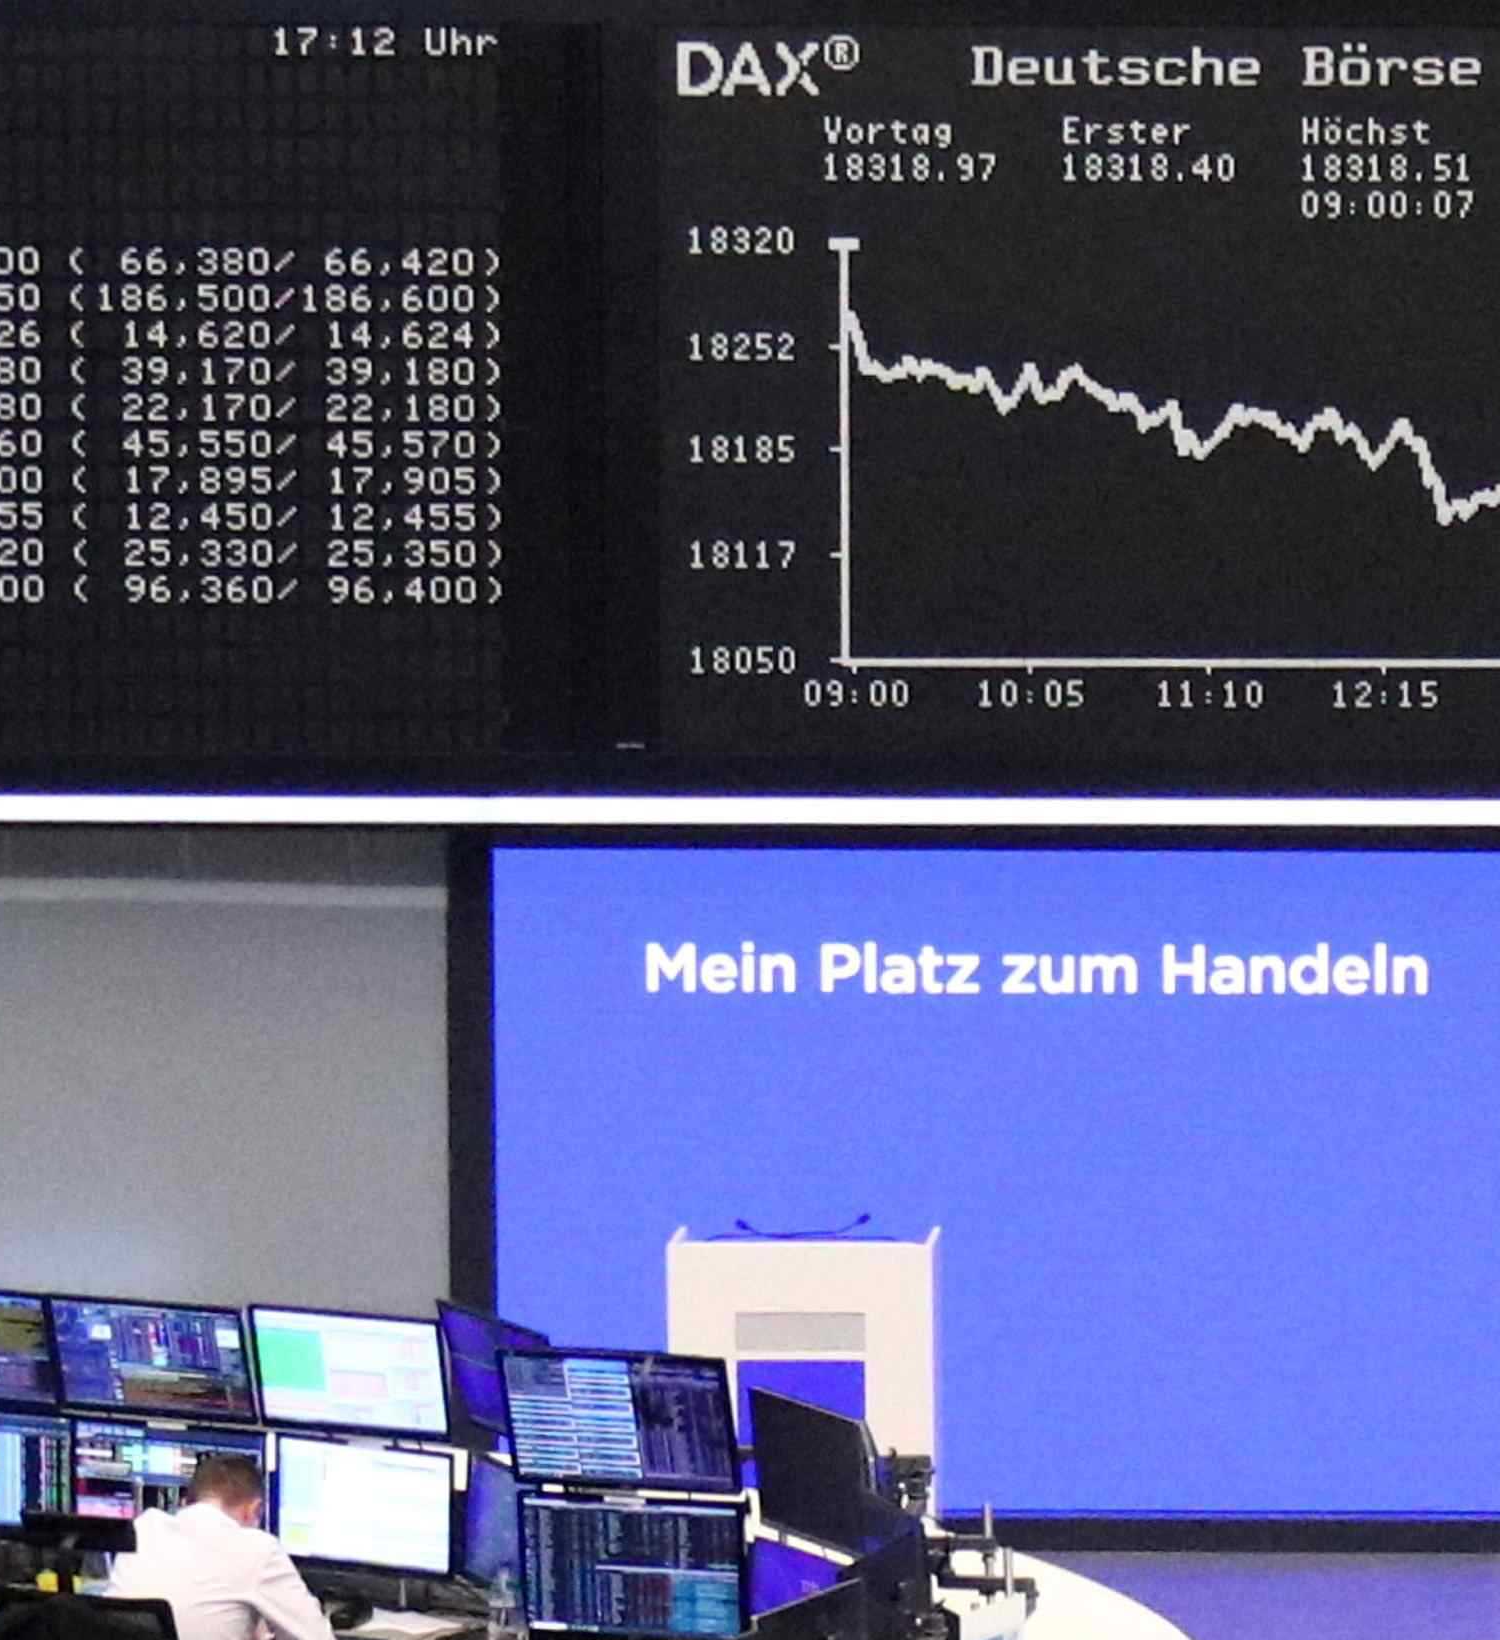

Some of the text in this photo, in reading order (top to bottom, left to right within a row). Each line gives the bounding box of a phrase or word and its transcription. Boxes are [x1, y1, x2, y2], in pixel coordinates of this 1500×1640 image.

[273, 25, 499, 57] 17:12 Uhr
[970, 44, 1262, 87] Deutsche
[1301, 41, 1483, 88] Börse
[822, 114, 953, 150] Vortag
[1061, 114, 1192, 146] Erster
[1300, 115, 1431, 146] Höchst
[823, 151, 997, 183] 18318.97
[1062, 151, 1236, 183] 18318.40
[1301, 152, 1471, 183] 18318.51
[1300, 188, 1475, 220] 09:00:07
[688, 224, 795, 256] 18320
[688, 331, 796, 362] 18252
[689, 433, 796, 464] 18185
[689, 539, 796, 570] 18117
[690, 644, 797, 676] 18050
[803, 678, 910, 708] 09:00
[978, 678, 1085, 709] 10:05
[1157, 678, 1264, 710] 11:10
[1332, 679, 1439, 710] 12:15
[644, 939, 1430, 997] Mein Platz zum Handeln
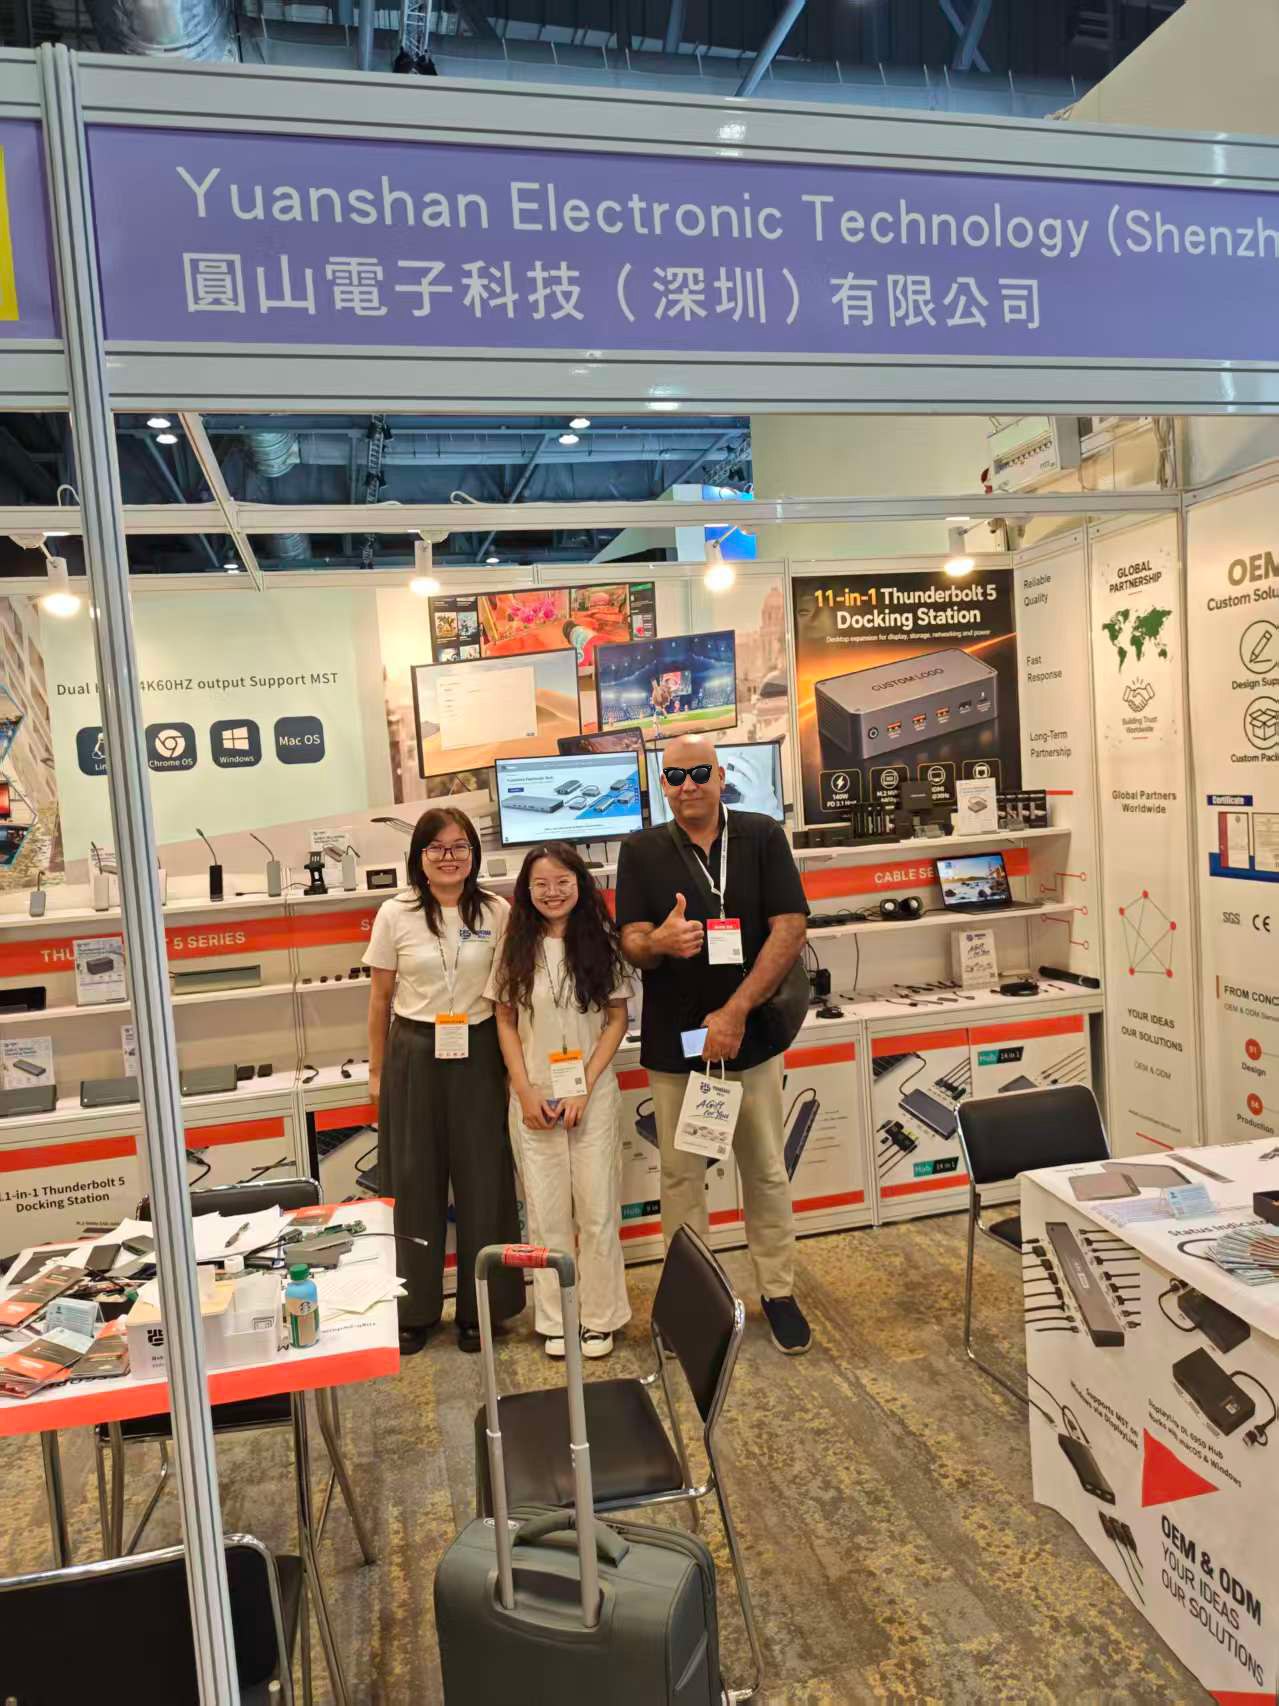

☆ ☆ ☆ ☆ ☆ ☆ ☆

» Task requirements
Copy the records exactly. Skip any pictures.

» Exercise output
Some of the text in this photo, in reading order (top to bottom, left to right within a row). Each line gives the bounding box of a phrase or word and its transcription. Boxes are [x1, y1, x2, y2], in pixel coordinates of this 1500×1640 image.

[273, 25, 499, 57] 17:12 Uhr
[970, 44, 1262, 87] Deutsche
[1301, 41, 1483, 88] Börse
[822, 114, 953, 150] Vortag
[1061, 114, 1192, 146] Erster
[1300, 115, 1431, 146] Höchst
[823, 151, 997, 183] 18318.97
[1062, 151, 1236, 183] 18318.40
[1301, 152, 1471, 183] 18318.51
[1300, 188, 1475, 220] 09:00:07
[688, 224, 795, 256] 18320
[688, 331, 796, 362] 18252
[689, 433, 796, 464] 18185
[689, 539, 796, 570] 18117
[690, 644, 797, 676] 18050
[803, 678, 910, 708] 09:00
[978, 678, 1085, 709] 10:05
[1157, 678, 1264, 710] 11:10
[1332, 679, 1439, 710] 12:15
[644, 939, 1430, 997] Mein Platz zum Handeln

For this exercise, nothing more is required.